This question comes from Tom M. Apostol's Mathematical Analysis I'm not sure which edition, it is the exercise 13-14. The question is the following (my book is in Spanish and I'm translating back to English, so I'm sorry if the translation it's not accurate.)
Let $\lbrace f_n\rbrace$ be a sequence of continuous real functions defined in the interval $[0,1]$ and suppose $f_n\to f$ uniformly on $[0,1]$. Determine if the following is true or not. $$ \lim_{n\to\infty}\int_0^{1-1/n}f_n(x)dx = \int_0^1f(x)dx. $$
I have already solve it, the answer being that it is true, but I want to know if the following approach could work. I'm not looking for an alternate solution.
For each natural number $n$ let $F_n(x) := \int_0^xf_n(t)dt$ and $F:=\int_0^xf(t)dt$. (note that $F_n$ is continuous for every $n$).

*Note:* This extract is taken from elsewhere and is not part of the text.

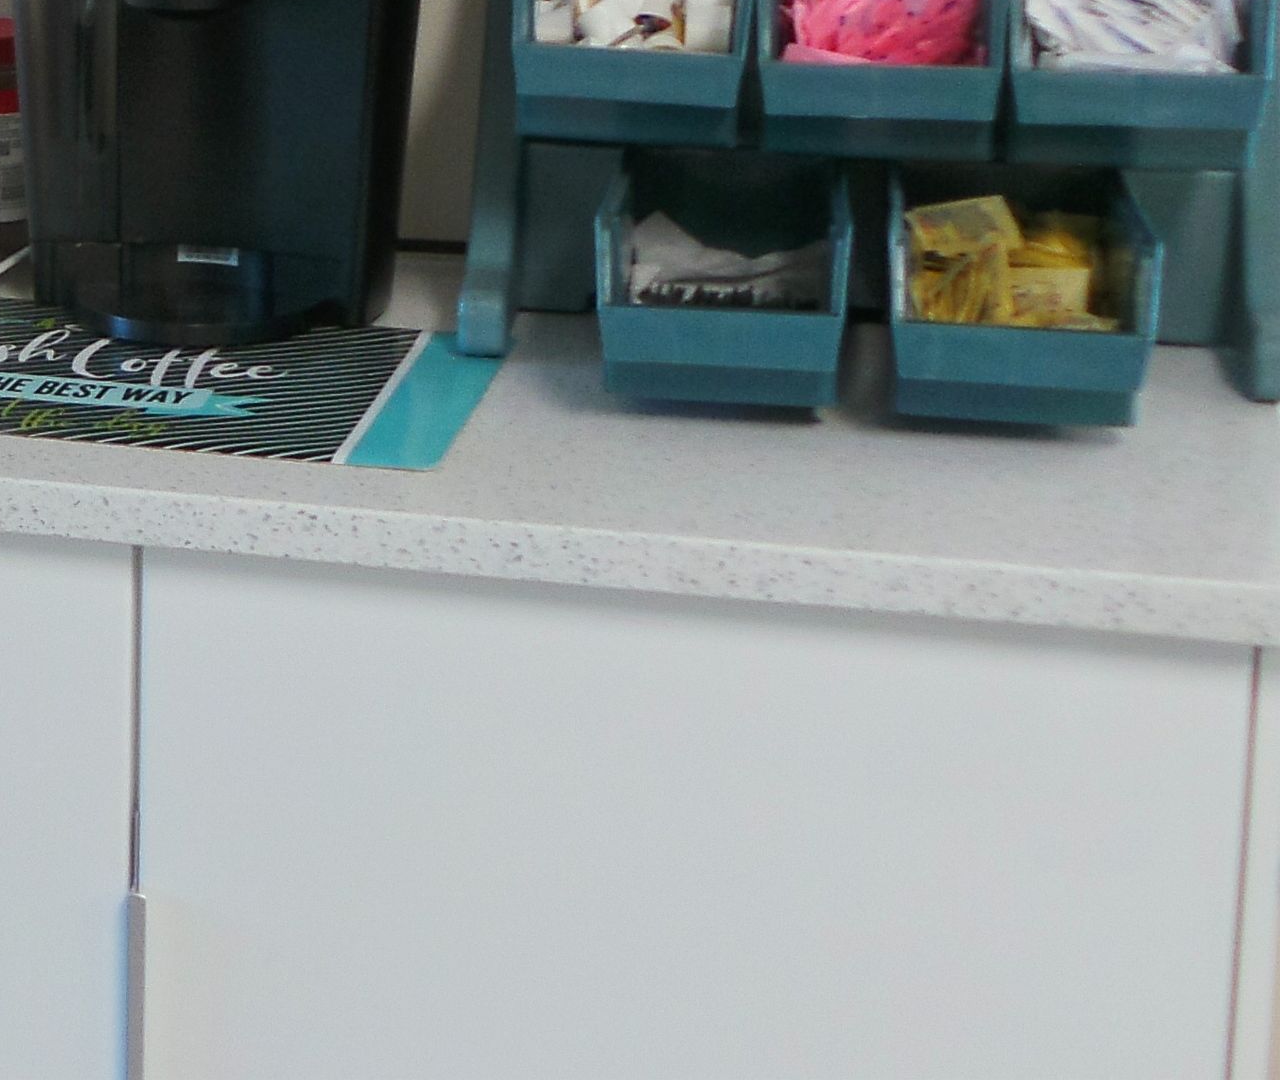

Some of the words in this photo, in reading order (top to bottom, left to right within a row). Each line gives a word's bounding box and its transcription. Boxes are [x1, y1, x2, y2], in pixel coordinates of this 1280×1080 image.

[72, 338, 288, 388] Coffee
[34, 380, 117, 400] BEST
[121, 387, 195, 404] WAY

Since $f_n\to f$ uniformly, we know that $F_n\to F$ uniformly. (and so $F$ is also continuous).
What we want to prove is the same as $$ \lim_{n\to\infty}F_n(1-1/n)-F_n(0) = F(1)-F(0) $$ We already know that $\lim_{n\to\infty}F_n(0)=F(0)$ so its left to prove that $\lim_{n\to\infty}F_n(1-1/n)=F(1)$.
We have the following \begin{align} F(1) &=\lim_{x\to 1^-}F(x)\\ &=\lim_{x\to 1^-}\lim_{n\to\infty}F_n(x)\\ &=\lim_{n\to\infty}\lim_{x\to 1^-}F_n(x)\\ \end{align} Where the first equality holds because $F$ is continuous, the second one because $F_n\to F$ and the third one because the convergence of $\lbrace{F_n}\rbrace$ is uniform.
Now, since each $F_n$ is continuous we have that
$$
\lim_{x\to1^-}F_n(x) = \lim_{m\to\infty}F_n(1-1/m)
$$
So
$$
F(1) = \lim_{n\to\infty}\lim_{m\to\infty}F_n(1-1/m)
$$
Could we use this to show what we want?
In other words, can we prove that
$$
\lim_{n\to\infty}\lim_{m\to\infty}F_n(1-1/m)=\lim_{n\to\infty}F_n(1-1/n)
$$
Thanks in advanced.
I do not think so. I do not agree with the equality: $$ \lim_{n\to\infty}\lim_{m\to\infty}F_n(1-1/m)=\lim_{n\to\infty}F_n(1-1/n) $$ If you use the Monotone Convergence Theorem, then it holds. However, you need something else before you plug in the equality.